Start of Block

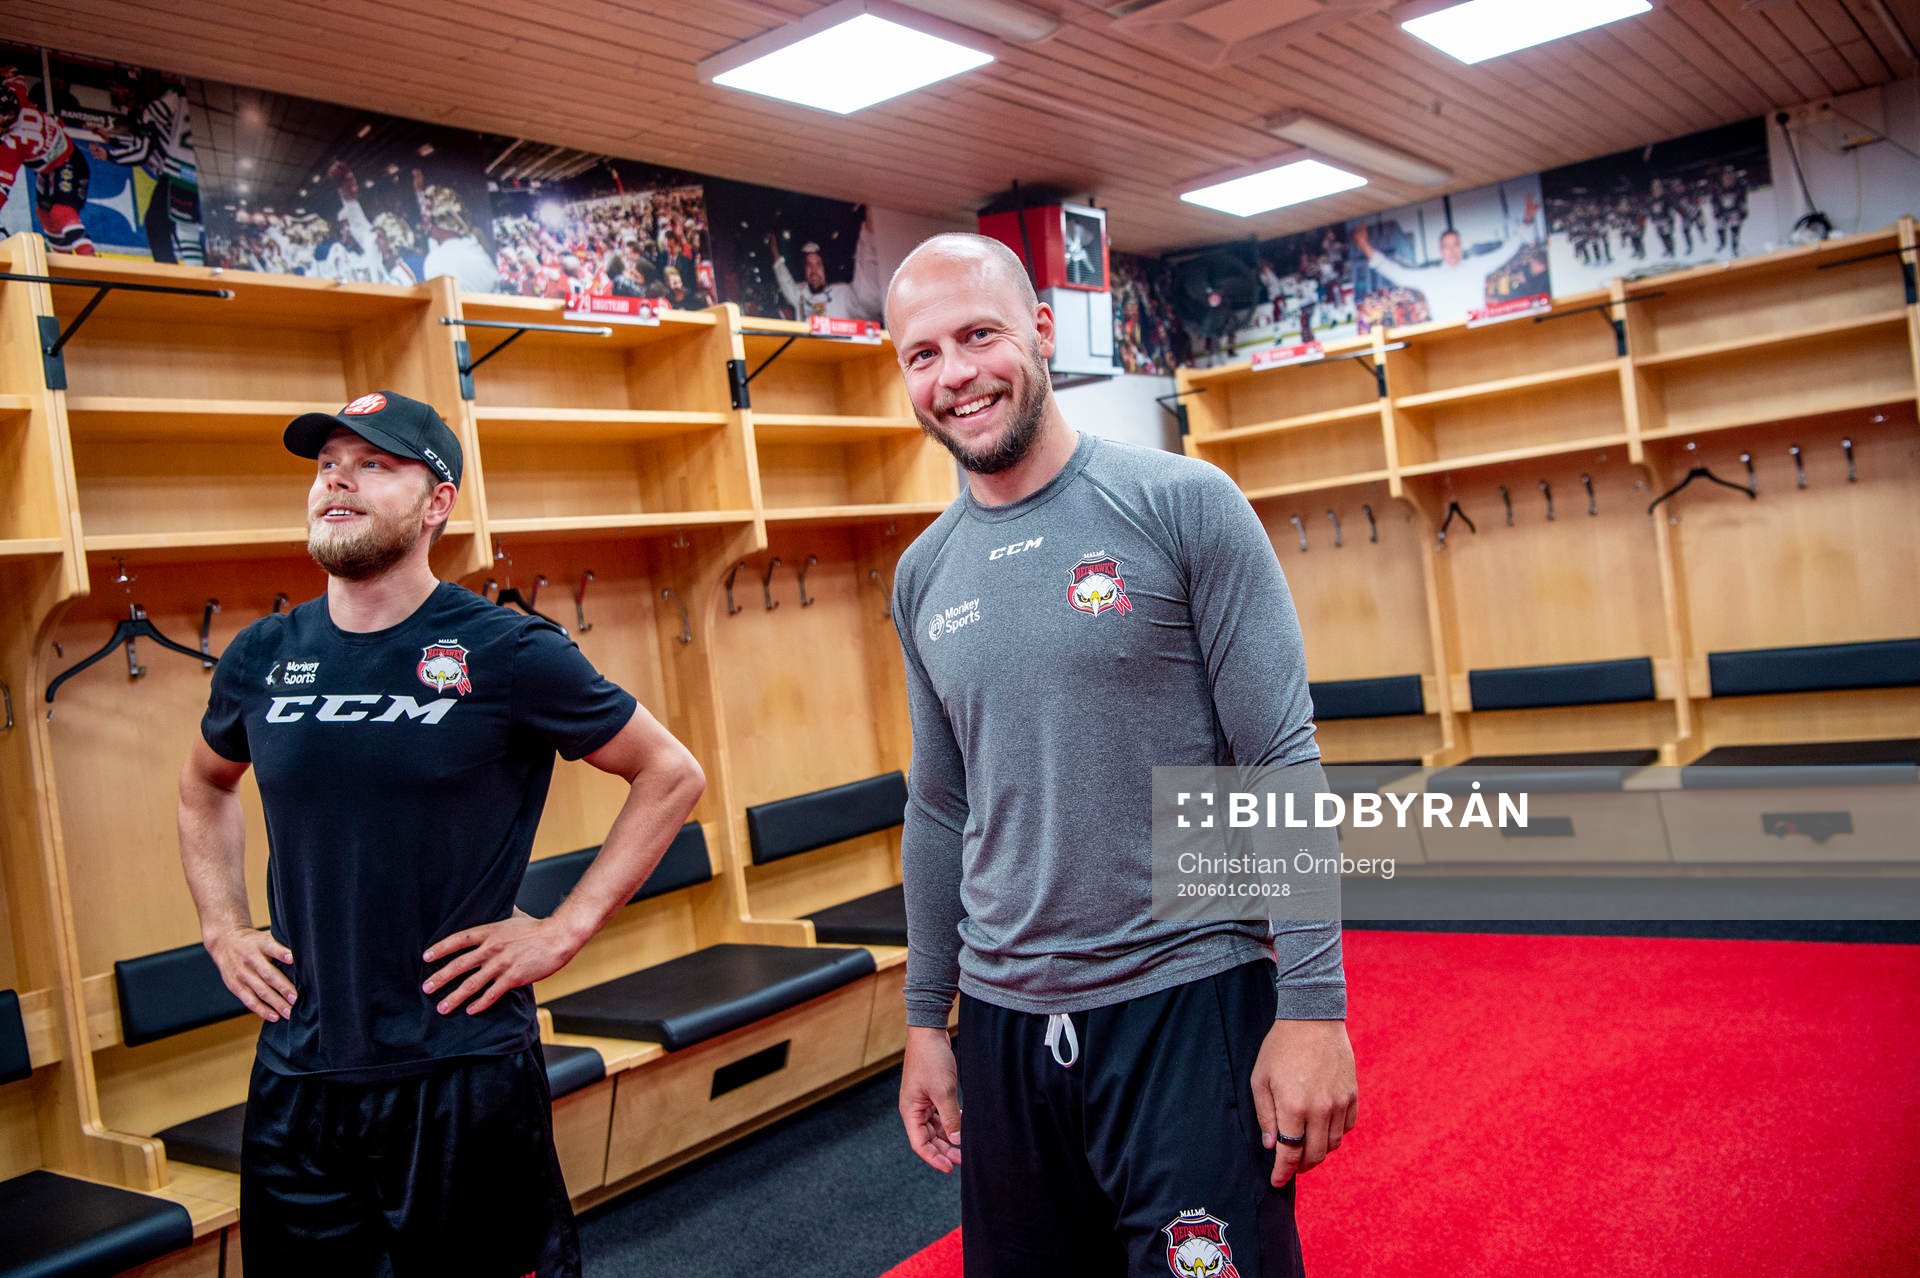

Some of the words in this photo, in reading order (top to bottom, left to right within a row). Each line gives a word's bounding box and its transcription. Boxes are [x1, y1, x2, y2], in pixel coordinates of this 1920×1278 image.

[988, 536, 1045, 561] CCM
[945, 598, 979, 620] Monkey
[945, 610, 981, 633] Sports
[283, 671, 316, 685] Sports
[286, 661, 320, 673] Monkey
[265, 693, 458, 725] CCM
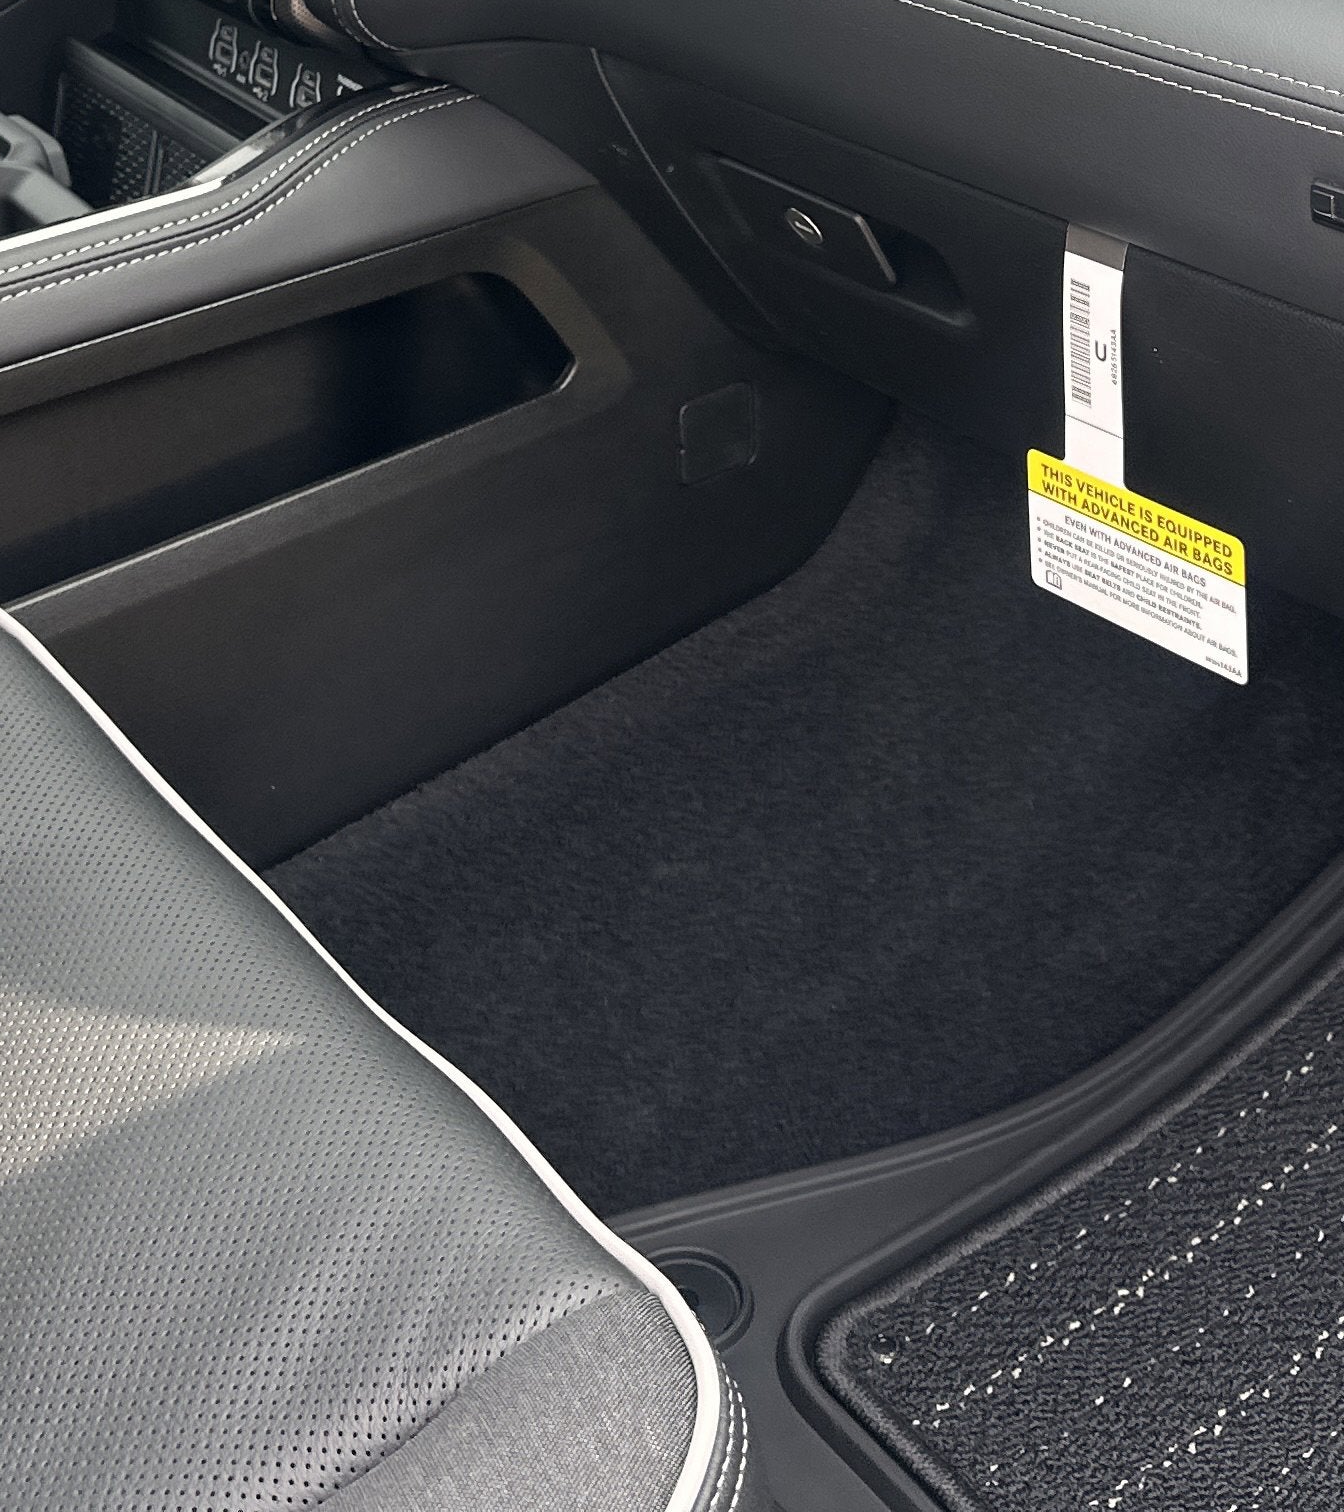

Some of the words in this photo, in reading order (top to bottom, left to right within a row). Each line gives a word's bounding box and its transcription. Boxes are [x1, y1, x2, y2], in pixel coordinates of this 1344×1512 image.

End of Block

Line by line, restate the data above exactly as it stands, minus the pictures.

■ **Task result**
Some of the words in this photo, in reading order (top to bottom, left to right within a row). Each line gives a word's bounding box and its transcription. Boxes are [x1, y1, x2, y2], in pixel coordinates of this 1920×1278 image.

[988, 536, 1045, 561] CCM
[945, 598, 979, 620] Monkey
[945, 610, 981, 633] Sports
[283, 671, 316, 685] Sports
[286, 661, 320, 673] Monkey
[265, 693, 458, 725] CCM

Some of the words in this photo, in reading order (top to bottom, left to right within a row). Each line gives a word's bounding box and its transcription. Boxes are [x1, y1, x2, y2], in pixel coordinates of this 1344×1512 image.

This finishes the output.